==== Data for this task

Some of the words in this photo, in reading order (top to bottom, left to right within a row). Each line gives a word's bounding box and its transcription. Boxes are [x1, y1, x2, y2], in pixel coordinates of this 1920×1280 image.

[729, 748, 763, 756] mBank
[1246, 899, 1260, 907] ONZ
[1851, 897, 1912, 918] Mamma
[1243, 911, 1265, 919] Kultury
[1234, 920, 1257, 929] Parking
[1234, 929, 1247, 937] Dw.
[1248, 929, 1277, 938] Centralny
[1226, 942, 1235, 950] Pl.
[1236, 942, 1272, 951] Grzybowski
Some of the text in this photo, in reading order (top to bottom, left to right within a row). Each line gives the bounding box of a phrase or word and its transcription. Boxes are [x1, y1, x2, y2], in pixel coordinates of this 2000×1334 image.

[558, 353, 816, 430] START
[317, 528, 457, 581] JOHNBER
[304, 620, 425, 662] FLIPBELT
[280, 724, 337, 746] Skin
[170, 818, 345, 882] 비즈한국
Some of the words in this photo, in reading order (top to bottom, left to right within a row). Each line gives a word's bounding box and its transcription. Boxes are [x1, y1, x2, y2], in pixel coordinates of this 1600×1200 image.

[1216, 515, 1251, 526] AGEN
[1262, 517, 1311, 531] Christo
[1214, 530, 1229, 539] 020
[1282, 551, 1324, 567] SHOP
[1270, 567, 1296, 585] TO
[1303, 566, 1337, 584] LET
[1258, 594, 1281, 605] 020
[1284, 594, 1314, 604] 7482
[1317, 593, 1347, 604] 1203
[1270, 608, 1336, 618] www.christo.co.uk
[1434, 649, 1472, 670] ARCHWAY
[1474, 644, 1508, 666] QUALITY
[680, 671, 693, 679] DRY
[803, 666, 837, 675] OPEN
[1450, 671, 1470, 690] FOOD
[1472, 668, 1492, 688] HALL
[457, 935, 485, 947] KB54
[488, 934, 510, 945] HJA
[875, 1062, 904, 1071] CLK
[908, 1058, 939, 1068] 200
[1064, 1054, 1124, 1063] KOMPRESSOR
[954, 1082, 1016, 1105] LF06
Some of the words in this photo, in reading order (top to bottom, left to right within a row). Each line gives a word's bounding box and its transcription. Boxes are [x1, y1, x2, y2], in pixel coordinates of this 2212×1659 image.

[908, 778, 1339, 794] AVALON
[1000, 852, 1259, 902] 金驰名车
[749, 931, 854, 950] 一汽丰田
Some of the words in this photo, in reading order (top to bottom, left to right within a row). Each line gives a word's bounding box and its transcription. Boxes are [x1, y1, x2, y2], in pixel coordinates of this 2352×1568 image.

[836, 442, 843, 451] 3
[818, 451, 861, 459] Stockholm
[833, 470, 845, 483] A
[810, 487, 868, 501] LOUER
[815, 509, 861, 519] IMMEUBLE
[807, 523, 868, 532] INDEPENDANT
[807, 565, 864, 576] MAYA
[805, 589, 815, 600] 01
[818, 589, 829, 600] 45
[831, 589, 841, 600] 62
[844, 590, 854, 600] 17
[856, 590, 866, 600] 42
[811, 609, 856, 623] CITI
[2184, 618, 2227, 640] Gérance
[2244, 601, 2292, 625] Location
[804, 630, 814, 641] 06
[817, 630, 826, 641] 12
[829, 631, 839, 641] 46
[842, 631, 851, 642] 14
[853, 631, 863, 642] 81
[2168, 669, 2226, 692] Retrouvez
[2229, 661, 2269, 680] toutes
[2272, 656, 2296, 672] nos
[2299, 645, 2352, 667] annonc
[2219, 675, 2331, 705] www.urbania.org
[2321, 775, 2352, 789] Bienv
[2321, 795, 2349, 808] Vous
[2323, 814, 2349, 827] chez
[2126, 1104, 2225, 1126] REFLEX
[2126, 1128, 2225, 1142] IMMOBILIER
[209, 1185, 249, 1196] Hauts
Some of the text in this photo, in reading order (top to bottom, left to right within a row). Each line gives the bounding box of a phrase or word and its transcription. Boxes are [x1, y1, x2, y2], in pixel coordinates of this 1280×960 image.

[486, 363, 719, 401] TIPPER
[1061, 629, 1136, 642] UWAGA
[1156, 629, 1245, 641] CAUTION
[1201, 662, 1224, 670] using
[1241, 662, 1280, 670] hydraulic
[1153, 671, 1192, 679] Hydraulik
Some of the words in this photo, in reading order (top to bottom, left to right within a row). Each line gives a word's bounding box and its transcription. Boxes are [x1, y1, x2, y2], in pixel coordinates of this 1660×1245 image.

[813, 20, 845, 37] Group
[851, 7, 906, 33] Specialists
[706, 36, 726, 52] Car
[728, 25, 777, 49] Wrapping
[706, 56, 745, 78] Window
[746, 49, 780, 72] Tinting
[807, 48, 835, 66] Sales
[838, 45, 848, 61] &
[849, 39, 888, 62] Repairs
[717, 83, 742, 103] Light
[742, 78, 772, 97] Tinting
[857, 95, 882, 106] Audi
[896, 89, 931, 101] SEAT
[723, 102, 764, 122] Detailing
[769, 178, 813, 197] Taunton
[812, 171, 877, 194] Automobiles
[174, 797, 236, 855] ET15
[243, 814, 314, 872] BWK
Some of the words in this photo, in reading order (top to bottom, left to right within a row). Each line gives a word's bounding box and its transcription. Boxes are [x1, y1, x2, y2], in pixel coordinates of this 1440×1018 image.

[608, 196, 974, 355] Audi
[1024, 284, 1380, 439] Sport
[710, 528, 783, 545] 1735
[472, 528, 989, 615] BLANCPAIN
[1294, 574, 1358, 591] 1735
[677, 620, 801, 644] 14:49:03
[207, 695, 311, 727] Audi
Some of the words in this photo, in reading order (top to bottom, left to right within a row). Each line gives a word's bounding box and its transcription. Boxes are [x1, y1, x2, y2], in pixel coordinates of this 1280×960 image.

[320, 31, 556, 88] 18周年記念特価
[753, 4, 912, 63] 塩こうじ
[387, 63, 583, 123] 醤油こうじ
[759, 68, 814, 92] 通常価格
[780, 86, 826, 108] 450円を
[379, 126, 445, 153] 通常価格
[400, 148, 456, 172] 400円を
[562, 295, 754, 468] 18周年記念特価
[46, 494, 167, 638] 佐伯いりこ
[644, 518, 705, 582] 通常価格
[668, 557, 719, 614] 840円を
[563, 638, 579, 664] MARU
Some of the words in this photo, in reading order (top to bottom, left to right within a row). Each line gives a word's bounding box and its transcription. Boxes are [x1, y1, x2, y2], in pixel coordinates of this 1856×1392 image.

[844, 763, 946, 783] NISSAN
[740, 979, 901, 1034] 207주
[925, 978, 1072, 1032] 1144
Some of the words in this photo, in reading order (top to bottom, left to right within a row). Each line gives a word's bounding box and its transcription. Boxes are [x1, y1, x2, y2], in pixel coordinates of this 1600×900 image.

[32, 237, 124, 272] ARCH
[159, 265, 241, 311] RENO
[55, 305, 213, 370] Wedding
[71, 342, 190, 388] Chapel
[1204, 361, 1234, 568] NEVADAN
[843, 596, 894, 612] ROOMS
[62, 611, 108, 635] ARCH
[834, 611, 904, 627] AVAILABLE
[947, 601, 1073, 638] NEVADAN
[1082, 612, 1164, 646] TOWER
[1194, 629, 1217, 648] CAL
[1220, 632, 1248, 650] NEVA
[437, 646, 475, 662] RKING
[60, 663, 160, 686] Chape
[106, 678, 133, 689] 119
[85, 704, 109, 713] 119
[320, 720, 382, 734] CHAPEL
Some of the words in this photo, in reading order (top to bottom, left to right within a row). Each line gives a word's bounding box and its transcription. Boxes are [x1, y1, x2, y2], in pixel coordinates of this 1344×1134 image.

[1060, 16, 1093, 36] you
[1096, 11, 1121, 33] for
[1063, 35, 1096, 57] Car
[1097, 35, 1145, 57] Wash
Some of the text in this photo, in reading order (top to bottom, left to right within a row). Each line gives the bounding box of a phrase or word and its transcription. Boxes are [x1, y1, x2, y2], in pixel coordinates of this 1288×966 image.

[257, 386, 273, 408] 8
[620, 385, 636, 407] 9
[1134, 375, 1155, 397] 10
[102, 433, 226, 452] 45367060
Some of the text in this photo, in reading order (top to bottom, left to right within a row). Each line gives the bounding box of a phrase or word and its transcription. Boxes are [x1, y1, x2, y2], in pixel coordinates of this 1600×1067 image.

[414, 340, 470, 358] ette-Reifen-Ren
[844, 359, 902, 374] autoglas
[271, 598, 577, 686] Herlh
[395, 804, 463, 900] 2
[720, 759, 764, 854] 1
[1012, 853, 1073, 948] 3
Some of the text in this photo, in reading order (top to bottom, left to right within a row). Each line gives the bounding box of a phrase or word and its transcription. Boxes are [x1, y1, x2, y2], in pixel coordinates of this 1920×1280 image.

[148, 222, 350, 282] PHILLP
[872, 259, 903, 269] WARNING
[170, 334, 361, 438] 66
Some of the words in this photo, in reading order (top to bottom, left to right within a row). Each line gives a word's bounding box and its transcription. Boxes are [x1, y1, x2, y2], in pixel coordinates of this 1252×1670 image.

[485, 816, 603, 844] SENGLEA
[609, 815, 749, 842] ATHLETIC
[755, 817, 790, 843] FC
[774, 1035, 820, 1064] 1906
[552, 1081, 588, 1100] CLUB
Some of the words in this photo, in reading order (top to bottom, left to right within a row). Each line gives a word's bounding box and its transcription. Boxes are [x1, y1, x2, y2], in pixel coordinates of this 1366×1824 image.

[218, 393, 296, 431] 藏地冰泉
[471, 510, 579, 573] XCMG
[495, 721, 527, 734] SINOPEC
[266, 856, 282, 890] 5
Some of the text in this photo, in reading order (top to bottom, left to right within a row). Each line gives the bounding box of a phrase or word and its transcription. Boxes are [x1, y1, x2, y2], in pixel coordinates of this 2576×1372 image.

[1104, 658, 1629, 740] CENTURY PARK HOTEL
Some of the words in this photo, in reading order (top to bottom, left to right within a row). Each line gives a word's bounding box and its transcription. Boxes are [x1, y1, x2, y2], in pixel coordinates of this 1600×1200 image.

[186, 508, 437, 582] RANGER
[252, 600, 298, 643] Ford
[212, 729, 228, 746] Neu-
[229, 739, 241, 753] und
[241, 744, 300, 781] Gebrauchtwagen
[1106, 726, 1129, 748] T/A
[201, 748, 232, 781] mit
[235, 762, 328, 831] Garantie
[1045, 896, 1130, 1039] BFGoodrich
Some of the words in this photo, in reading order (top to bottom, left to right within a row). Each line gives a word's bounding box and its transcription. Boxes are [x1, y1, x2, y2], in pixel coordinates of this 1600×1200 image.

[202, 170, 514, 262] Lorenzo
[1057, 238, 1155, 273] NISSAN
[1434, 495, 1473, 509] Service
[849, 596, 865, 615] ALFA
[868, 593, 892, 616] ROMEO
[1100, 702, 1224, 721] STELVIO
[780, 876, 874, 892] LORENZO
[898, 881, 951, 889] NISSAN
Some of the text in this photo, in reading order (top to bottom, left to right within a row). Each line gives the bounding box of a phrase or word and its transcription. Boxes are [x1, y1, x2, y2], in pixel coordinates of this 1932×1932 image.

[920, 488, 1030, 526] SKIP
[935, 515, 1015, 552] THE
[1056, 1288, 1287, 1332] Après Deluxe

========

About this task => Restate, word for word, the final stretch of the entries above: the line containing "this 1932×1932 image." and every line after it, up to and including the last.

Result of this task =>
Some of the text in this photo, in reading order (top to bottom, left to right within a row). Each line gives the bounding box of a phrase or word and its transcription. Boxes are [x1, y1, x2, y2], in pixel coordinates of this 1932×1932 image.

[920, 488, 1030, 526] SKIP
[935, 515, 1015, 552] THE
[1056, 1288, 1287, 1332] Après Deluxe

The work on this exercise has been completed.